Aus dem intuitiven Soloprojekt „LOA“ entwickelte Zöschg die Band Loaness. Gemeinsam mit Chiara Chistè, Yvonne Moriel und Ruth Goller erkundet die Südtiroler/Kopenhagener Komponistin und Vokalkünstlerin musikalisch das Spannungsfeld zwischen Einsamkeit und Gemeinschaft.

Die Ursprünge kreativen Schaffens sind schillernd und kaum nachvollziehbar. Wie ein Gebirgsfluss, der sich aus zahlreichen unterirdisch versteckten Quellen speist. In einem Interview mit dem Magazin Salto erinnert sich Laura Zöschg an Dinge, die sie in ihrer Jugend geprägt haben. An die iPod-Playlist ihres Vaters bei gemeinsamen Autofahrten, an Lieder, die sie beim Beobachten des Regens erfand, an Chöre und Kapellen, an ein Gute-Nacht-Lied aus ihrer Heimatgegend.

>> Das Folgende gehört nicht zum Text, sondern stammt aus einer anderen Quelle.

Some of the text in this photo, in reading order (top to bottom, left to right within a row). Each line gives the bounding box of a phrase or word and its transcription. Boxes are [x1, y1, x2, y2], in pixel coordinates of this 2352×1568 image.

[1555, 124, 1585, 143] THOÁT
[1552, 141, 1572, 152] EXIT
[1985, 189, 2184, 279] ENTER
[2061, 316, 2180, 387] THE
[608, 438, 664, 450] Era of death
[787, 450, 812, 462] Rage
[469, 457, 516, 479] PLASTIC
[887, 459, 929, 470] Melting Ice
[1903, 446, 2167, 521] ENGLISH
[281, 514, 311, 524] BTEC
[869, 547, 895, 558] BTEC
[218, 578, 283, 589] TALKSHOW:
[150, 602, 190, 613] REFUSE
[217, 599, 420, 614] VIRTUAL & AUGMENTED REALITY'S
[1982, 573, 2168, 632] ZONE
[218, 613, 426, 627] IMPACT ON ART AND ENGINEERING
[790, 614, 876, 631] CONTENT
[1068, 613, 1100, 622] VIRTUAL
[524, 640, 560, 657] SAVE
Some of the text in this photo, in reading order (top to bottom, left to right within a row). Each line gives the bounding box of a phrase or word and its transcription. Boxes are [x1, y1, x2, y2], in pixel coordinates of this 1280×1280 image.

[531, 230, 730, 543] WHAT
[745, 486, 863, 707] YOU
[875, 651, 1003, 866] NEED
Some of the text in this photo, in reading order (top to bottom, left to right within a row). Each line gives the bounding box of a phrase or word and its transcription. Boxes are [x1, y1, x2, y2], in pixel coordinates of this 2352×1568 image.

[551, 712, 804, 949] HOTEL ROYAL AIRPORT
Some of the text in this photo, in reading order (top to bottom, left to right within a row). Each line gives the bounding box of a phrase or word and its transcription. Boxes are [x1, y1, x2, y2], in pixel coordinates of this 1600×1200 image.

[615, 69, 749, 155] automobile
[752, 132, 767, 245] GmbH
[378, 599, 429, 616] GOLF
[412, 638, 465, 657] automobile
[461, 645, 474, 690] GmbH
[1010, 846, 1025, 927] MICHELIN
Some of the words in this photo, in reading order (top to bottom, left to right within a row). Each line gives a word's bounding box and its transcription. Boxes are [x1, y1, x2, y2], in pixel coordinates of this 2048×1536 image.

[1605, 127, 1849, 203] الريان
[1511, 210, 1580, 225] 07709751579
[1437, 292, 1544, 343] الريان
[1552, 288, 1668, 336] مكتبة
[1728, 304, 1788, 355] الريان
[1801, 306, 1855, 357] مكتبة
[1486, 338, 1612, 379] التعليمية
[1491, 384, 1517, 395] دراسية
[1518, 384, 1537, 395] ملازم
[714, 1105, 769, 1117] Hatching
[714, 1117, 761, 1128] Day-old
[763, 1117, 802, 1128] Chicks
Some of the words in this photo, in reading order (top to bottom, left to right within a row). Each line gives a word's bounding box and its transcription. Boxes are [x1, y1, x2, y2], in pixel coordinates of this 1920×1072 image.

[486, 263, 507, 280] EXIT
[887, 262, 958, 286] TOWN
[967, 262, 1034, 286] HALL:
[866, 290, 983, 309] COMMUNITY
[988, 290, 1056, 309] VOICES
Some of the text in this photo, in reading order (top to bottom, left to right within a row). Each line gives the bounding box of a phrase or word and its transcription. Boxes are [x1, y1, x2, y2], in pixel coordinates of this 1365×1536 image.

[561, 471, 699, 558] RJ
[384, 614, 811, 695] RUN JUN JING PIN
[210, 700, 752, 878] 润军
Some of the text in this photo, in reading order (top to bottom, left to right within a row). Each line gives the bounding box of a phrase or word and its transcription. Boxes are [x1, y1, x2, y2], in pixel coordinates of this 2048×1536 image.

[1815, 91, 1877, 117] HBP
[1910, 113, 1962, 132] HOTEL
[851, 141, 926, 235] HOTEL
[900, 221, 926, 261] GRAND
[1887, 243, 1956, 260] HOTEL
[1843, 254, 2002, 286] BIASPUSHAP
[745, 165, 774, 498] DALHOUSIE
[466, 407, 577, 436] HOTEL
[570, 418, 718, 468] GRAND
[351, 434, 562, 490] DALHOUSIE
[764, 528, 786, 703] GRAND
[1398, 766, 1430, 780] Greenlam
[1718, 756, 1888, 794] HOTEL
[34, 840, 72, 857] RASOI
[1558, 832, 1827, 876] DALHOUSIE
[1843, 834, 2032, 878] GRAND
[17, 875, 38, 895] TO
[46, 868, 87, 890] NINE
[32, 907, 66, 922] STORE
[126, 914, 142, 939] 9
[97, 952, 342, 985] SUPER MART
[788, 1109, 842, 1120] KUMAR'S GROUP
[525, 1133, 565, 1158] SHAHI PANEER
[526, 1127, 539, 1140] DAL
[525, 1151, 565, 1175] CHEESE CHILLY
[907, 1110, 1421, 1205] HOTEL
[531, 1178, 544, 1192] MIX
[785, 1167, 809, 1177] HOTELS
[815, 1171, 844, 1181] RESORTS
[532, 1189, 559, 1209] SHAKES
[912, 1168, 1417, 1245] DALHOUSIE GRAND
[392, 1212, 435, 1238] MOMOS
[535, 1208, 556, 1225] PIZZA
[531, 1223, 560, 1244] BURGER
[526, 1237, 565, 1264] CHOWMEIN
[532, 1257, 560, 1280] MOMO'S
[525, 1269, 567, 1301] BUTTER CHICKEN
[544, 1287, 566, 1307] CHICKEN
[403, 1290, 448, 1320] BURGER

Welchen Wert dabei das Alleinsein hat, ging der Südtiroler/Kopenhagener Komponistin und Vokalkünstlerin erst spät auf, als sie 2022 das intuitiv experimentelle Soloprojekt »LOA« entwickelte. Vier Jahre später ist aus dem »aloan« (»allein«) – kombiniert mit dem englischen »loneliness« – der Name für eine neue Band geworden: Loaness. Die Songs, die Zöschg beim Innehalten und beim Beobachten der Stille schrieb, wurden durch Wiederholungen und die Arbeit im Ensemble zu einem kollektiven Ritual. »Ich nehme aktiv teil daran, die Musik ins Leben zu rufen, und bin gleichzeitig Beobachterin davon, wie Ruth, Yvonne und Chiara sie interpretieren«, sagt die Künstlerin.Im Rahmen der »Euregio Jazzwerkstatt« des Südtirol Jazzfestivals entwickelte Laura Zöschg die Stücke gemeinsam mit jungen Musiker:innen aus der Europaregion Tirol-Südtirol-Trentino inmitten der idyllischen Dolomitenlandschaft weiter.In Leipzig trifft sie nun auf die italienische Sängerin Chiara Chistè, die österreichische Saxofonistin Yvonne Moriel und die gebürtige Südtiroler Bassistin Ruth Goller, die alle auch als eigenständige Bandleader aktiv sind. Mit Sensibilität für eine lebendige, immer im Fluss befindliche Klanggeographie zwischen Ambient und Noise sorgen die Vier für hypnotische Mehrstimmigkeit, abstrakte Momente und flüsterleise Schönheit.